### What is needed:
Pictures aside, repeat every record below exactly.

(Exercise data begins)

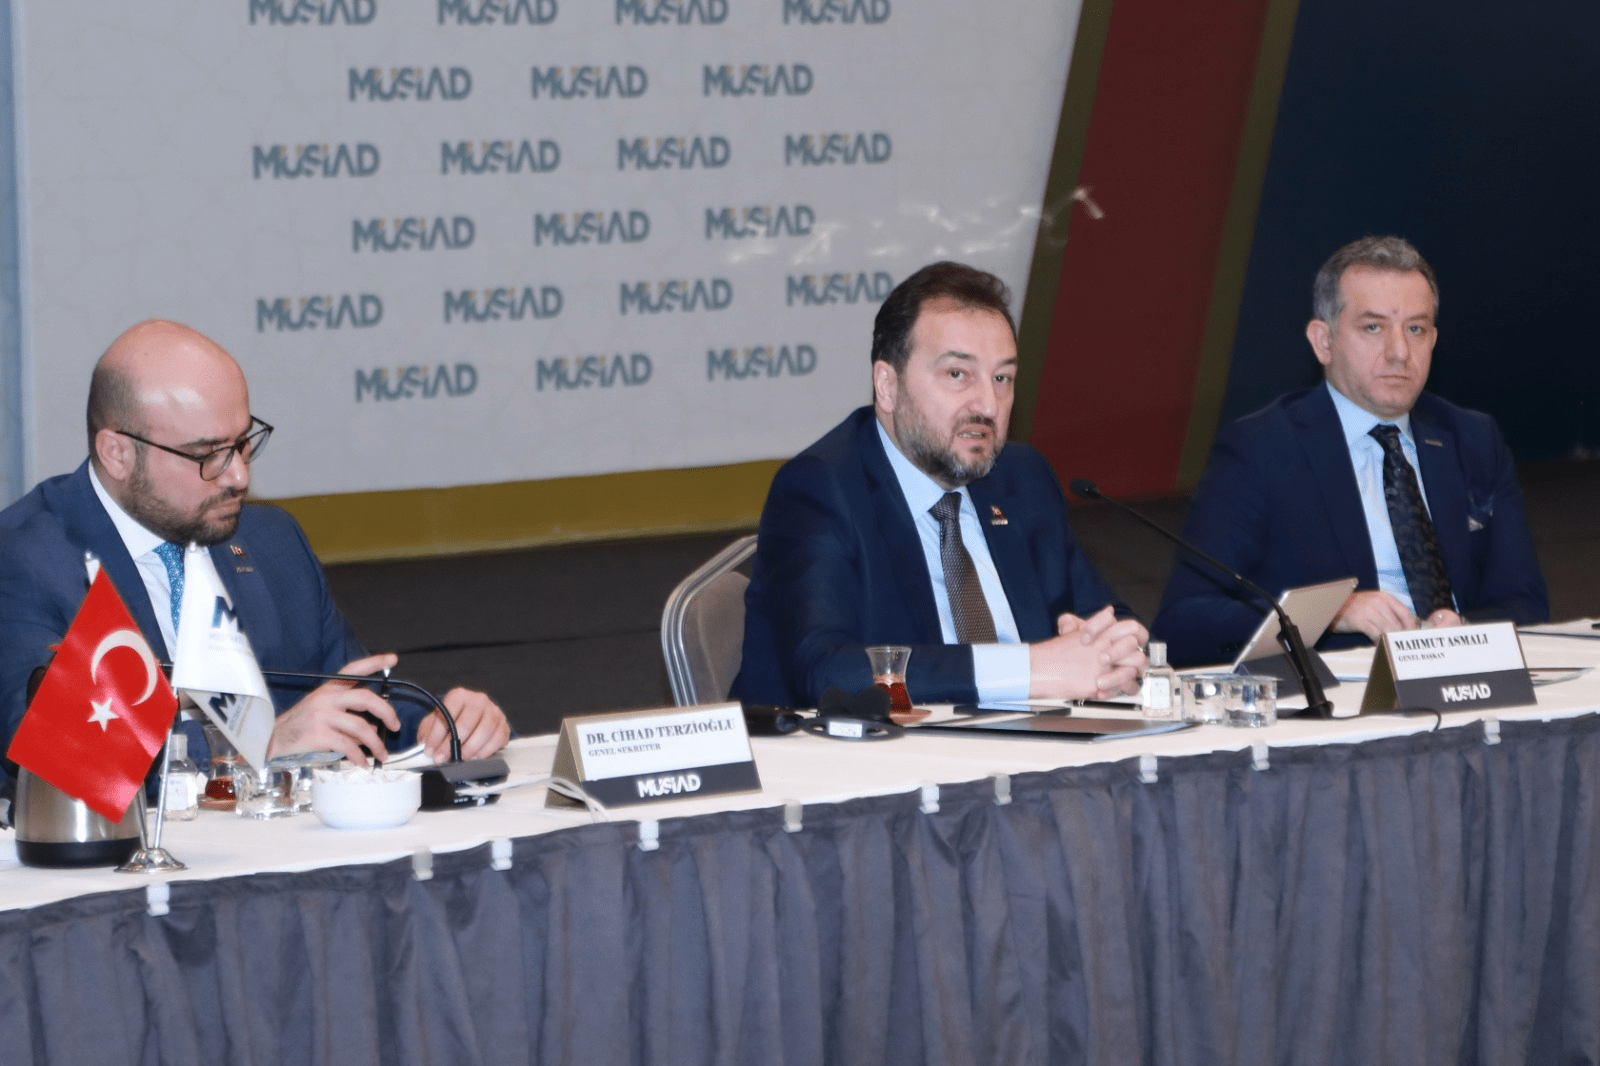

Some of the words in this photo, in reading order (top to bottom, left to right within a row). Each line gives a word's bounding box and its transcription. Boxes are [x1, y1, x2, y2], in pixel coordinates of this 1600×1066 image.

[1395, 637, 1445, 651] MAHMUT
[1447, 633, 1489, 648] ASMALI
[1398, 653, 1420, 662] GENEL
[586, 731, 609, 745] DR.
[610, 727, 655, 742] CİHAD
[655, 718, 736, 738] TERZİOĞLU
[588, 747, 617, 757] GENEL
[617, 742, 662, 755] SEKRETER

(Exercise data ends)

### Answer to this exercise:
Some of the words in this photo, in reading order (top to bottom, left to right within a row). Each line gives a word's bounding box and its transcription. Boxes are [x1, y1, x2, y2], in pixel coordinates of this 1600×1066 image.

[1395, 637, 1445, 651] MAHMUT
[1447, 633, 1489, 648] ASMALI
[1398, 653, 1420, 662] GENEL
[586, 731, 609, 745] DR.
[610, 727, 655, 742] CİHAD
[655, 718, 736, 738] TERZİOĞLU
[588, 747, 617, 757] GENEL
[617, 742, 662, 755] SEKRETER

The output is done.